Urgent Care or the Emergency Room? Which Should You Choose?

Say you twist your ankle playing soccer with your kids. Or maybe your daughter has a rash that's spreading. Do you visit urgent care or the hospital emergency department?

Many cases of injury or illness can be handled at an urgent care clinic rather than a hospital emergency department, experts say.

Urgent Care or the Emergency Room? Which Should You Choose?
The urgent care doctor cleans the girl's injured knee, while her mom is comforting her. | Foto: GETTY IMAGES

Urgent care is a good starting point, especially when you can't see your primary care provider on the same day. The healthcare providers can do an evaluation and provide treatment and, if necessary, refer patients to specialty services.

"We deal with a lot of minor sprains and simple fractures -- we can do an X-ray and stabilize a fracture with splinting,'' said Mary Dixon, a certified registered nurse practitioner at Penn State Health Carlisle Outpatient Center. 

Health providers at urgent care facilities write prescriptions ranging from antibiotics to topical creams, and consult with doctors when necessary.

Going to urgent care can also save time and money. Most health insurance plans charge more out-of-pocket for emergency room visits than for an urgent care visit.

Typically, in urgent care, the doctors and other health professionals deal with one complaint, and they try to keep the  visits to 15 minutes, Dixon said, noting a typical emergency room wait for a non-life-threatening problem is easily an hour or more.

Sometimes urgent care sounds a little misleading.

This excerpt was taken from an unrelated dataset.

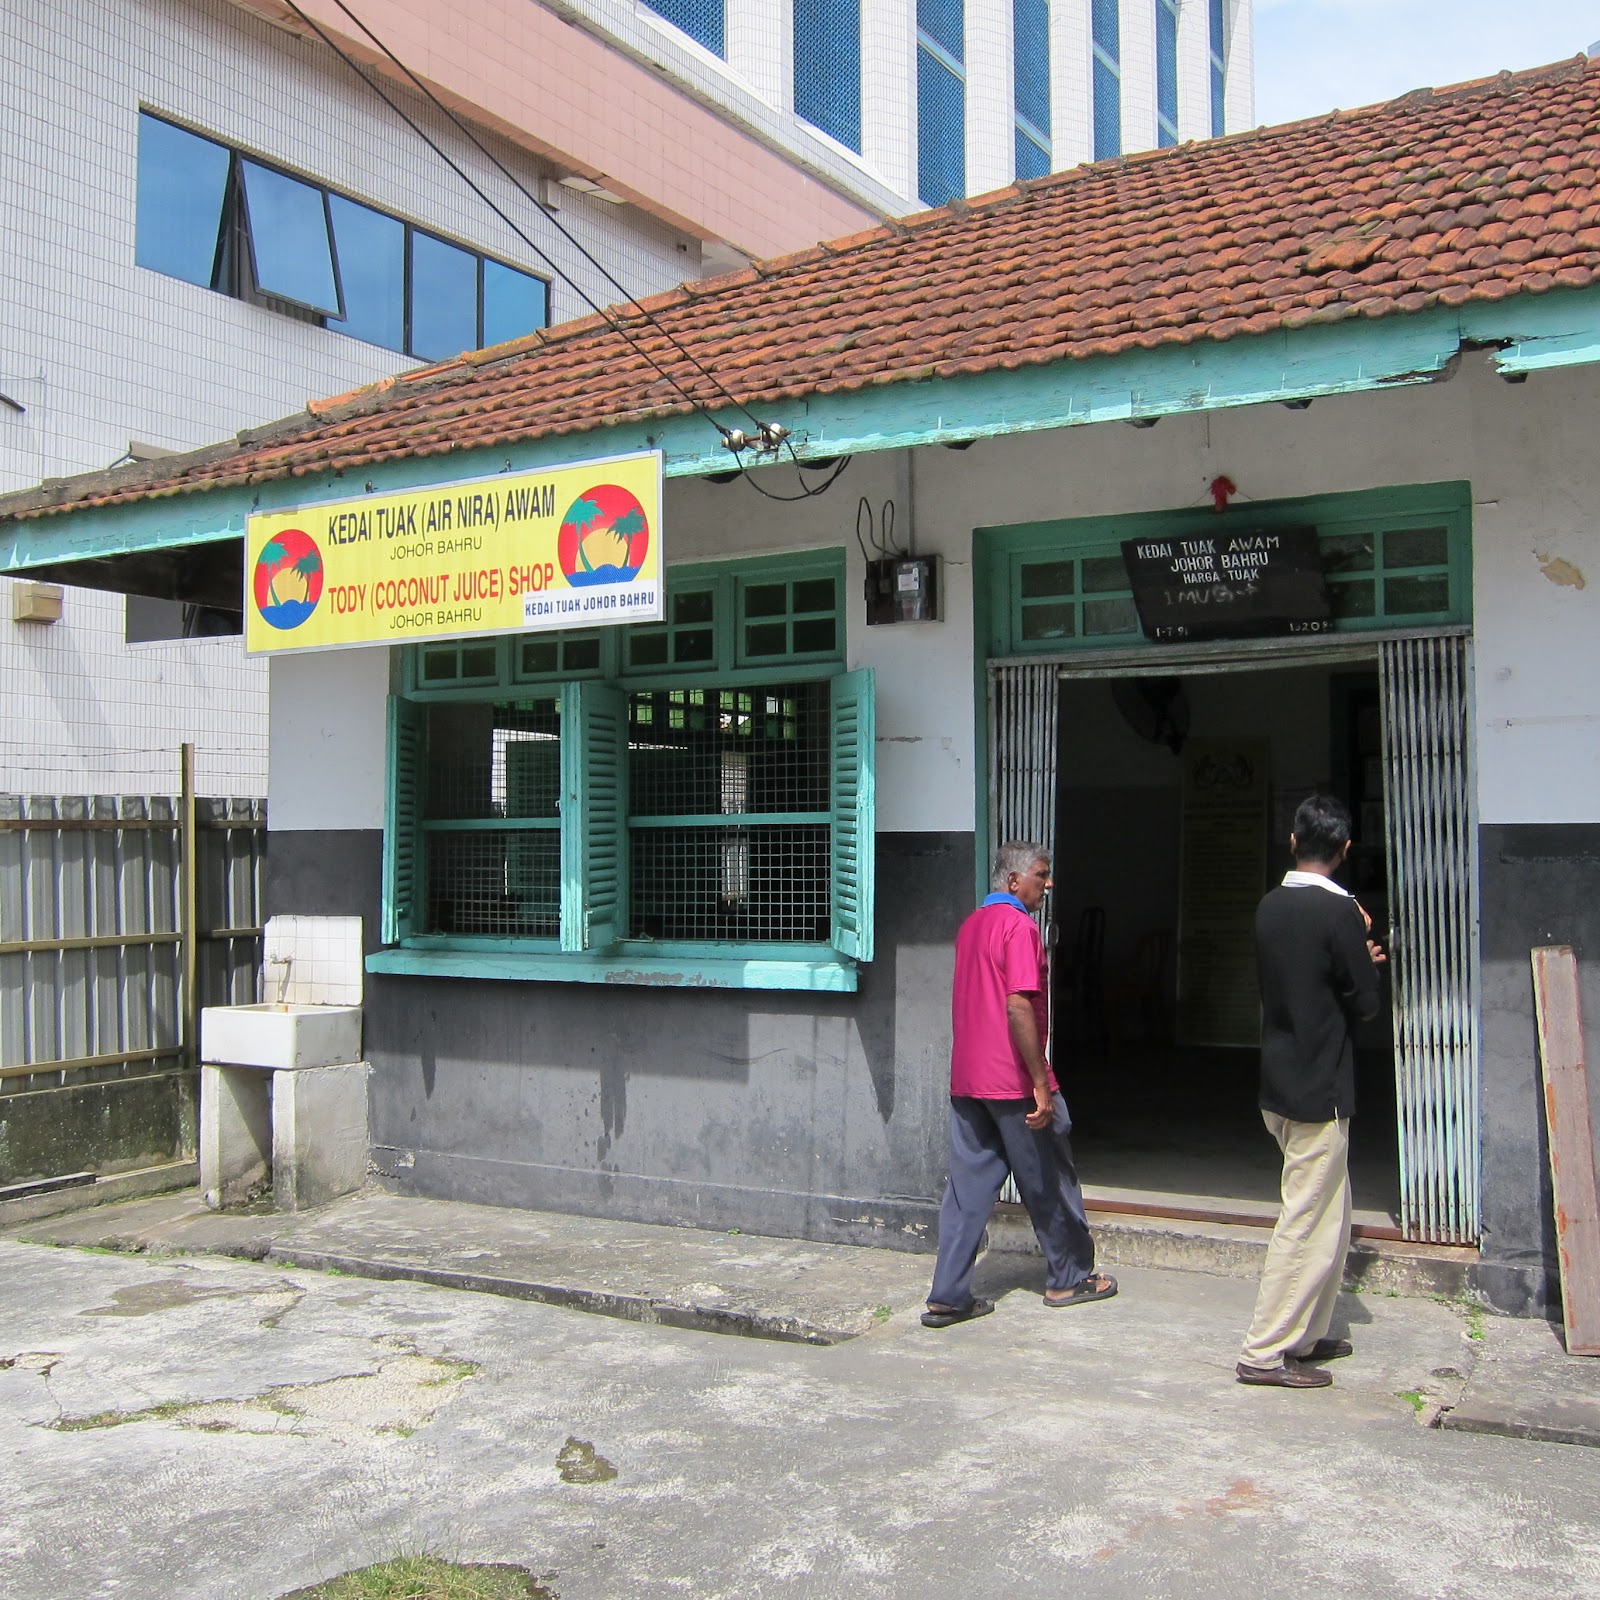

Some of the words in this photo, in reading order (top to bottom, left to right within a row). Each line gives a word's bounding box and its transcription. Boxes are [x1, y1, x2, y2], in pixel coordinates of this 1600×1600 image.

People associate that with an emergency, but urgent care is for convenient care for common issues that do not require in-depth evaluation.

But a major medical emergencies require a trip to the emergency department. These include:

  • Chest pain, which could be a sign of a heart attack
  • Severe abdominal pain and/or vomiting blood
  • Trouble breathing
  • Fever above 102.5 degrees
  • Major head injuries
  • Potential stroke symptoms, such as a sudden change in mental status, weakness and difficulty speaking and thinking
  • Overdoses
  • Suicidal behavior
  • Pregnancy complications
  • Physical or sexual assaults or abuse
  • Deep wounds or compound fractures, where a bone has pierced the skin.

Emergency vs Urgent Care: more differences

Unlike most physicians, emergency physicians are prohibited by law from discussing with a patient any potential costs of care or insurance details until they are screened and stabilized, according to Emergency Physicians.

 This is an important patient protection enacted under the federal Emergency Medical Treatment and Labor Act (EMTALA) that ensures care is focused on immediate medical needs.

However, that doesn't mean there won't be costs to you. They will probably be very high costs due to specialized care or a  surgery, for example.

Emergency physicians treat the toughest cases—and often must make decisions with limited medical information. An emergency physician might deliver a baby or stitch a young boy’s deep gash or comfort a teenager after a suicide attempt. These doctors save lives every day and are an integral part of our nation’s health care safety net.

Open 24 hours a day, every day of the year, many hospital emergency departments are crowded places, where doctors treat many different patients during long shifts.